When \(\mathbf {A}\) is fixed, the loss function (15) can be written as:

$$\begin{aligned}&\min _{\mathbf {P}}\sum _{i}^n\left\| \mathbf {P}^T \mathbf {x}_i - \sum _{j}^k \mathbf {W}_{ij}\mathbf {P}^T \mathbf {x}_j\right\| _F^2 + \alpha ||\varvec{\Theta } - \mathbf {A}^T\mathbf {P} ||_F^2 + \lambda ||\mathbf {P}||_{2,1} \nonumber \\&\quad =\min _{\mathbf {P}}tr(\mathbf {P}^T\mathbf {X}(\mathbf {I} -\mathbf {W})^T(\mathbf {I}-\mathbf {W})\mathbf {X}^T \mathbf {P}) \nonumber \\&\qquad + \alpha ||\varvec{\Theta } - \mathbf {A}^T \mathbf {P}||_F^2 + \lambda ||\mathbf {P}||_{2,1} \nonumber \\&\quad = \min _{\mathbf {P}}tr(\mathbf {P}^T \mathbf {H}\mathbf {P}) +\alpha ||\varvec{\Theta } - \mathbf {A}^T \mathbf {P} ||_F^2 + \lambda ||\mathbf {P}||_{2,1}, \end{aligned}$$
(16)

where \(\mathbf {H}=\mathbf {X}(\mathbf {I}-\mathbf {W})^T (\mathbf {I}-\mathbf {W})\mathbf {X}^T\).

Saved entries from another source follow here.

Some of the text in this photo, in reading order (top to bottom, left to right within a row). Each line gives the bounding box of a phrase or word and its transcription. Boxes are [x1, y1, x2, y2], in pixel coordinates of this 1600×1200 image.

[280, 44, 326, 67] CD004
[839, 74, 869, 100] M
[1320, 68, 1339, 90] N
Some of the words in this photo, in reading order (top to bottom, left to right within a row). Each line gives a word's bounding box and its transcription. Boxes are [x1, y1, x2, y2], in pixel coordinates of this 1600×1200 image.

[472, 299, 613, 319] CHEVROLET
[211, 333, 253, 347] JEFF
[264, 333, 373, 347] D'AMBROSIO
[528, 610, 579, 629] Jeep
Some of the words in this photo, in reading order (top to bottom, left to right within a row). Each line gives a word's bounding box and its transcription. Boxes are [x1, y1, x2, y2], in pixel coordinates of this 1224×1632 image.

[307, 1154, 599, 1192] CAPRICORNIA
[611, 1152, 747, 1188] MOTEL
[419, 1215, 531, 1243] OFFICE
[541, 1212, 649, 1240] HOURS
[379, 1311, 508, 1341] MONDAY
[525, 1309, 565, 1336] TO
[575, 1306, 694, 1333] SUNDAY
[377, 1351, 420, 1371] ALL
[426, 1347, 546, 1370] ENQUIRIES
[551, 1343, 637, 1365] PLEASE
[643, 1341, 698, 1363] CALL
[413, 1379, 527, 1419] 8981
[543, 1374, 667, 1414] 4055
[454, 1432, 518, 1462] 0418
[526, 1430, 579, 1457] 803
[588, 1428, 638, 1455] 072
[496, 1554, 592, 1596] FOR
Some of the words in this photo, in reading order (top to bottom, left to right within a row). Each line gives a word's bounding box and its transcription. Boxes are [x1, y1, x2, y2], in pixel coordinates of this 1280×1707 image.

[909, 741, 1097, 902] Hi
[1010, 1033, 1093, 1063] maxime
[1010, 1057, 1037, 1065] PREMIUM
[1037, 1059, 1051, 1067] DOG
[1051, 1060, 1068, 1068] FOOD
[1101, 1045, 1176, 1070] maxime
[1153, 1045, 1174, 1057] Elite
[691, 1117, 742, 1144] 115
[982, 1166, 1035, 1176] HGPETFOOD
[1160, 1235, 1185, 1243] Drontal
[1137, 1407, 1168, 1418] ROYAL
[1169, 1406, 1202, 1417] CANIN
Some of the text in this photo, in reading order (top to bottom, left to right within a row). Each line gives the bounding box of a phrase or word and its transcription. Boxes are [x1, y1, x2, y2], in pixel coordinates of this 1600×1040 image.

Take the derivative of (16) with respect to \(\mathbf {P}\) and set it to zero, we have:

$$\begin{aligned} (\mathbf {H}+\mathbf {H}^T)\mathbf {P}+\alpha (-2\mathbf {A} \varvec{\Theta }+2\mathbf {A}\mathbf {A}^T\mathbf {P}) +\lambda \mathbf {Q} \mathbf {P}=0, \end{aligned}$$
(17)

where \(\mathbf {Q}\) is a diagonal matrix with \(\mathbf {Q}_{ii}=\frac{1}{||\mathbf {P}^i||_2}\) and \(\mathbf {P}^i\) is the ith row vector of \(\mathbf {P}\). Denote \((\mathbf {H}+\mathbf {H}^T)\) by \(\mathbf {M}\) and we have:

$$\begin{aligned} \mathbf {P}=2\alpha (\mathbf {M}+2\alpha \mathbf {A}\mathbf {A}^T +\lambda \mathbf {Q})^{-1} \mathbf {A}\varvec{\Theta } \end{aligned}$$
(18)
  • Update \(\mathbf {A}\) by keeping \(\mathbf {P}\) fixed

The objective function (15) can be written as:

$$\begin{aligned} \min _{\mathbf {A}}\sum _{i=1}^c||\theta _i - \mathbf {A}^T \mathbf {p}_i ||_2^2=\min _{\mathbf {A}}||\varvec{\Theta }^T -\mathbf {P}^T \mathbf {A} ||_F^2, \quad \mathrm {s.t.} \quad \mathbf {A}^T\mathbf {A} = \mathbf {I}. \end{aligned}$$
(19)

If \(\mathbf {A}\) is an orthogonal square matrix with \(\mathbf {A}^T\mathbf {A} = \mathbf {A}\mathbf {A}^T = \mathbf {I}\), the above equation can be converted to:

$$\begin{aligned}&\min _{\mathbf {A}}||\varvec{\Theta }^T - \mathbf {P}^T \mathbf {A} ||_F^2 \nonumber \\&\quad = \min _{\mathbf {A}} tr(\varvec{\Theta }^T\varvec{\Theta } - 2\mathbf {A}^T\mathbf {P}\varvec{\Theta }^T + \mathbf {P}^T \mathbf {A}\mathbf {A}^T\mathbf {P}^T) \nonumber \\&\quad = \min _{\mathbf {A}} ||\varvec{\Theta }^T||_F^2 +||\mathbf {P}^T \mathbf {A}||_F^2 -2tr(\mathbf {A}^T\mathbf {P}\varvec{\Theta }^T) \nonumber \\&\quad = \min _{\mathbf {A}} ||\varvec{\Theta }^T||_F^2 + ||\mathbf {P}^T||_F^2 - 2tr(\mathbf {A}^T\mathbf {P}\varvec{\Theta }^T). \end{aligned}$$
(20)

Thus, (19) is equivalent to the following problem:

$$\begin{aligned} \max _{\mathbf {A}^T\mathbf {A} = \mathbf {I}}tr(\mathbf {A}^T \mathbf {P}\varvec{\Theta }^T). \end{aligned}$$
(21)

Therefore, (19) can be converted into an orthogonal Procrustes problem, by using the conclusion in [40], we perform the singular value decomposition of \(\mathbf {P} \varvec{\Theta }^T\), that is, \(\mathbf {P} \varvec{\Theta }^T=\mathbf {U} \varvec{\Lambda } \mathbf {V}^T\). Then we have:

$$\begin{aligned} \mathbf {A}=\mathbf {UV}^T. \end{aligned}$$
(22)

The detailed optimization procedure of GSGNPE is shown in Table 1.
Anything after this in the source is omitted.